One time a drunk haole hit me from the back and turned the steer accidentally, but I was mad and hit him back with all I had. He fell down and got hurt [so] that I took him to hospital. The cops came but they couldn’t do anything because I was right. I’m responsible for the passengers y’ know.
However, the worst passengers, according to one bus driver, were those who before the rationing had had the luxury of avoiding public transportation:
I work two years already. Most of the passengers are good, but some of the haoles think they’re too good. That’s why I get mad face all day. You know the other day a haole guy wanted to stop at _______ St. while coming up Nuuanu way, and I didn’t stop for him because no more bus stop sign there. Before there was a bus stop but ever since the war, it was taken off. He got angry at me and told me that he’s going to turn me in. Yeah, and a haole lady wanted to stop where there was no bus stop and when I didn’t stop she rode all the way up Nuuanu and then back. I told her that she had to pay another bus fare for the return trip but she refused to pay just because I didn’t stop the first time. She told me she was going to turn me in and she called me a Jap, too (10/12/43).
Cheek by jowl, especially during the peak hours of six to eight a.m. and four to 6 p.m., passengers sometimes provided serious challenges to the drivers:
The passengers standing crowd around the bus drivers just as if he was a God, while half of the bus is empty in the rear. The women shoppers who go to town in the morning to buy things and wait til the busy hour of the afternoon to go home when all the school children and working people are trying to get home early. The pulling of the buzzer more than 1 or 2 times. People getting on the wrong bus. People asking the driver if he’s going to Kaimuki when his sign reads Waikiki and vice versa.
There were inspectors who cruised certain routes in HRT official cars equipped with radios to make sure buses were on schedule, to check them in at the car barn, and to report accidents. During peak hours, the bus company would send a “cannon ball,” an extra bus. These inspectors had the same power as the police: they could arrest anyone making trouble on buses. The writer commented that the “one outstanding qualification [of inspectors] seems to be their size, for they are all huge men.”
But drivers were often on their own. As a result they were not reprimanded if they got into fights on the bus, although, as one said, they’d need to get a lawyer if they exited the bus to fight. But a kind of vigilantism sometimes prevailed:
There are some local boys, a big gang, who are always looking for such men. They ride the bus during the night with the intention of looking for trouble. I don’t know why, but these boys seem to have it in for the servicemen. They don’t like them and they told us that anytime we need help just call on them. They’re a rough bunch, but in a way it’s good to have them on the bus when driving toward the airport.
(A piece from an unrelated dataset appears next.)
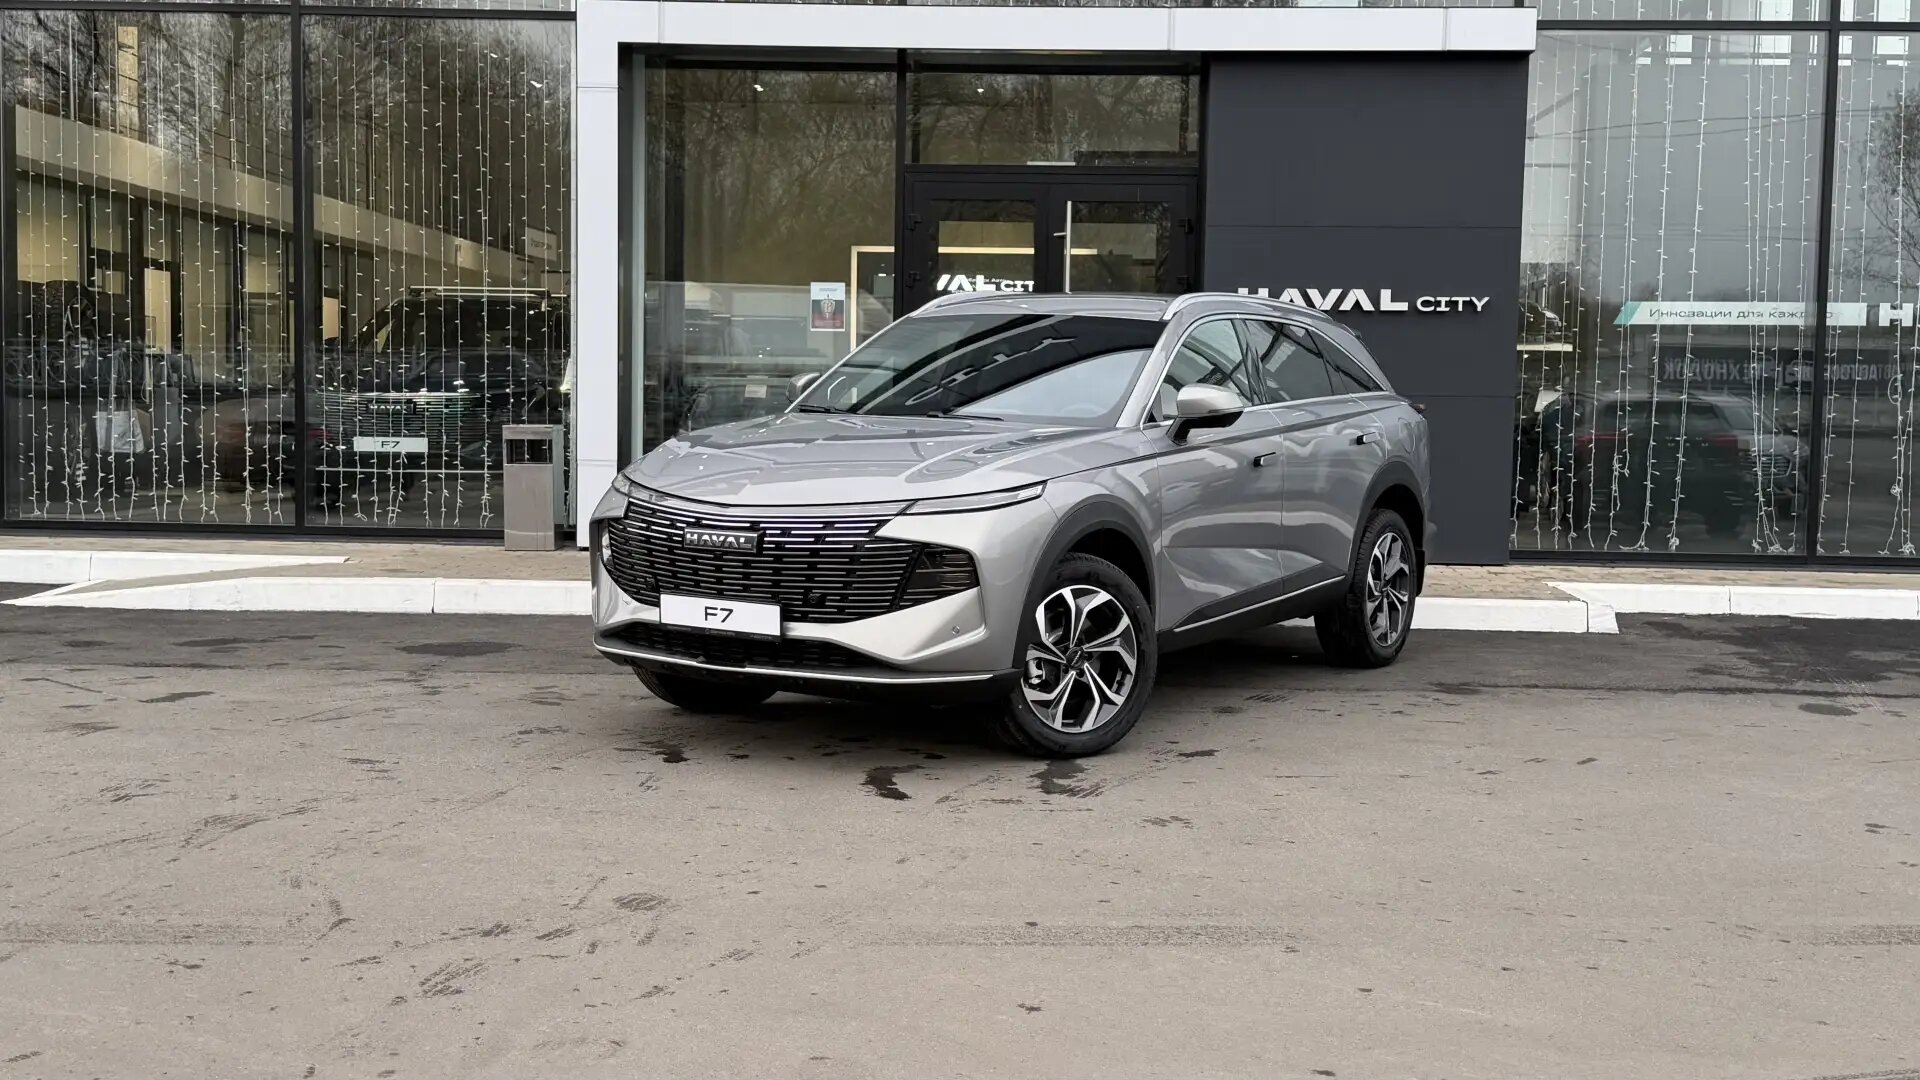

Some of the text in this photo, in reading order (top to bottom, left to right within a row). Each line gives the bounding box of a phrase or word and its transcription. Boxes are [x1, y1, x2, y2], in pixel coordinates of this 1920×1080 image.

They sort of protect us, esp. small guys like me.
Drivers blamed the increased rowdyism on the buses to folks having more money to buy more liquor; to “war nerves”; to the lack of assistance from the Army and Navy to help keep order.
This RASRL writer would have been remiss if she hadn’t asked this question: “Have you noticed any hostility among the members of the different racial groups?”
Defense workers, sailors, soldiers, marine cannot tell the difference between a Japse., Korean, and a Chinese. . . . But one would have to be philosophical about such matters. After all, when people aren’t too well educated anything can happen.